I couldn't see a second line.
For a moment, I didn't know whether I should be relieved or devastated. Part of me knew that at eighteen years old, I was much too young to be pregnant. Even if James did support me, it'd be a major change in my life. I still wanted to finish college, and it'd be really hard to be a good mother at the same time as I was attending classes.
But the other part of me wanted this more than anything. James was the best man to be a father that I could ever hope for. I had been feeling my belly every day for the past two weeks, and I had known that there was a baby already growing in there. I knew that I was ready, especially with James' help.
I looked down at the pregnancy test again, feeling a sense of loss already.
Was that a second line there?
I squinted my eyes.

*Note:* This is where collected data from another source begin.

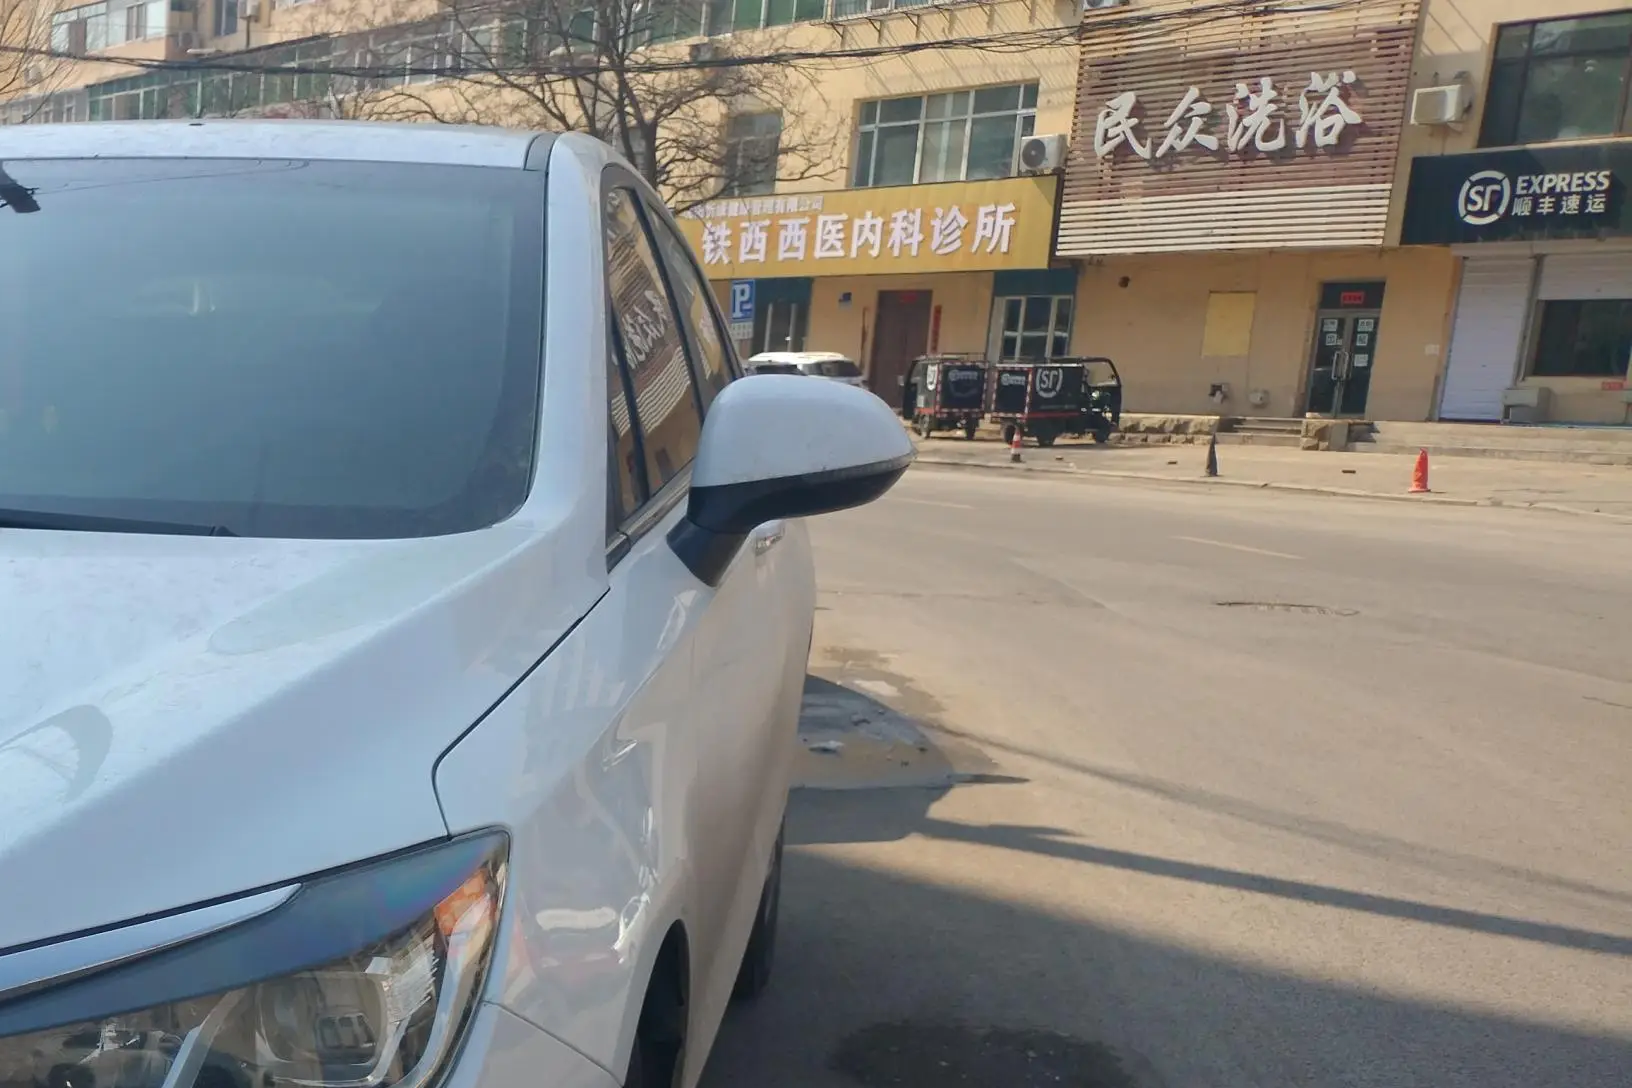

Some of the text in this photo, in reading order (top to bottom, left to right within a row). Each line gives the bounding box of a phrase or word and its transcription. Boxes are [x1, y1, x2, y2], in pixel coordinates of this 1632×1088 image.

[1094, 70, 1362, 159] 民众洗浴
[1515, 170, 1612, 195] EXPRESS
[1511, 193, 1607, 216] 顺丰速运
[701, 201, 1017, 265] 铁西西医内科诊所
[732, 284, 750, 318] P

Was it just my own hope that I was pregnant that was fooling me? It really looked like a faint second line there. I couldn't be sure. The only other person within walking distance was the cashier, and I doubted she would appreciate me just walking up with a used pregnancy test and asking if she saw a line.
I looked as hard as I could, but really couldn't tell if it was just my imagination. My heart fluttered with hope as I set it down on the toilet paper dispenser and snapped a picture of it on my phone. I didn't quite know how I would figure it out, but I knew I had to. It might have to wait until I got back to New York, but I knew I would have to find out one way or another...
I
tossed the pregnancy test in the trash and left the drug store quickly. Part of me wanted to keep it as a memento, but I realized how crazy it sounded to want to carry around a stick that I had peed on. I walked outside in the cold, unsure of where to go next. I popped a stick of gum in my mouth to get rid of the throw-up taste from earlier and thought about what to do next.